Это, так сказать, á propos: я этого не знал, не знаю и знать не хочу. Чайковского мы любим не за это.

Так как быть с ее письмами? Одно лучше другого, не все сохранились, увы. Как материальная собственность, они принадлежат мне, как интеллектуальная — Юнне. На что у меня в рамках действующего авторского права есть легитимное право — на отдельные строчки или абзацы. Вот им и воспользуюсь, да и не думаю, чтобы Юнна протестовала. Когда я привел их в «Записках скорпиона» и в «Высоцком и других», не пикнула. Почти все ее письма до электронной почты — от руки (иногда красными чернилами), а за одно, отпечатанное на машинке, она извиняется — что на правой руке завелся тромбофлебит, «но письмо это, меж тем, в одном только экземпляре и потому не отличается от рукописного по существу».

А как быть с нашими разговорами? Они были вровень, но у Юнны по отношению ко мне проскальзывали необидные дидактические нотки — причина, может, в том, что она старше (все того же, 37-го года, разлива)? «Объясняю» — рефрен ее трепа со мной. Только со мной? Или все упирается в мою инфантильность? Вот и у Лены Клепиковой незнамо откуда взялся вдруг поучительный тон со мной, а ведь она, наоборот, младше меня, пусть и немного!

Когда я сочинял в Москве свой питерский «Роман с эпиграфами» — будущие «Три еврея»,— спросил у Юнны разрешение на несколько цитат. «Например?» — сказала она. Я привел. «Дурачок! Это же ты мне сказал!» Я опешил. Сколько угодно, когда авторы с пеной у рта доказывают свой копирайт, но чтобы приписывали друг другу? Лжеатрибуция, по Борхесу. Так я и не знаю, кому принадлежат те несколько анонимных наблюдений, которые я привел в «Трех евреях» — ей или мне?
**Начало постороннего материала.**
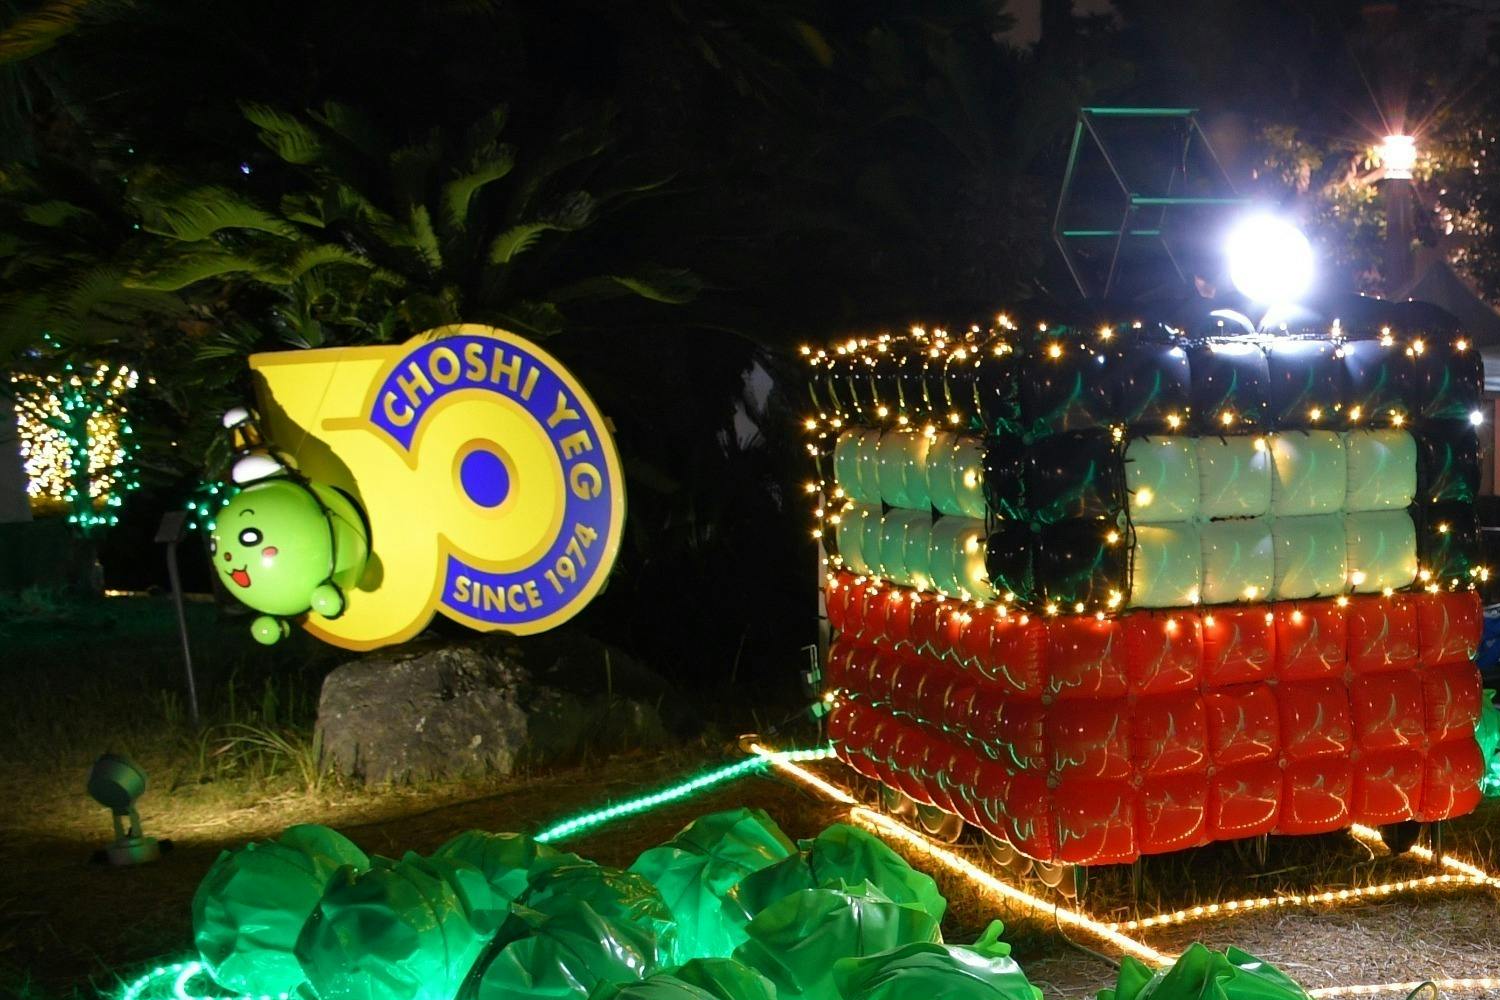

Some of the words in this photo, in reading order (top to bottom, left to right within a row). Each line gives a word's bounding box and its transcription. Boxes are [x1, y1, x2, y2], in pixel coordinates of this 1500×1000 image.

Но несколько ссылок на Юнну там все-таки осталось. Да Юнна и не отнекивалась.

Когда я пожаловался ей, что меня таскали в КГБ, Юнна меня успокоила:

— Всех таскают — не тебя одного: всех без исключения. Ты что — хочешь быть исключением?

Я хотел быть исключением, и мне это не удалось.

Вот еще несколько связанных с Юнной фраз из этого подпольно-исповедального романа, который уже выдержал несколько «тиснений» — в Нью-Йорке, Питере и Москве.

Однажды я приехал в Москву с Сашей Кушнером и познакомил их с Юнной, которая успела мне шепнуть, имея в виду Сашин рост:

«Ты что — привез его в спичечном коробе?»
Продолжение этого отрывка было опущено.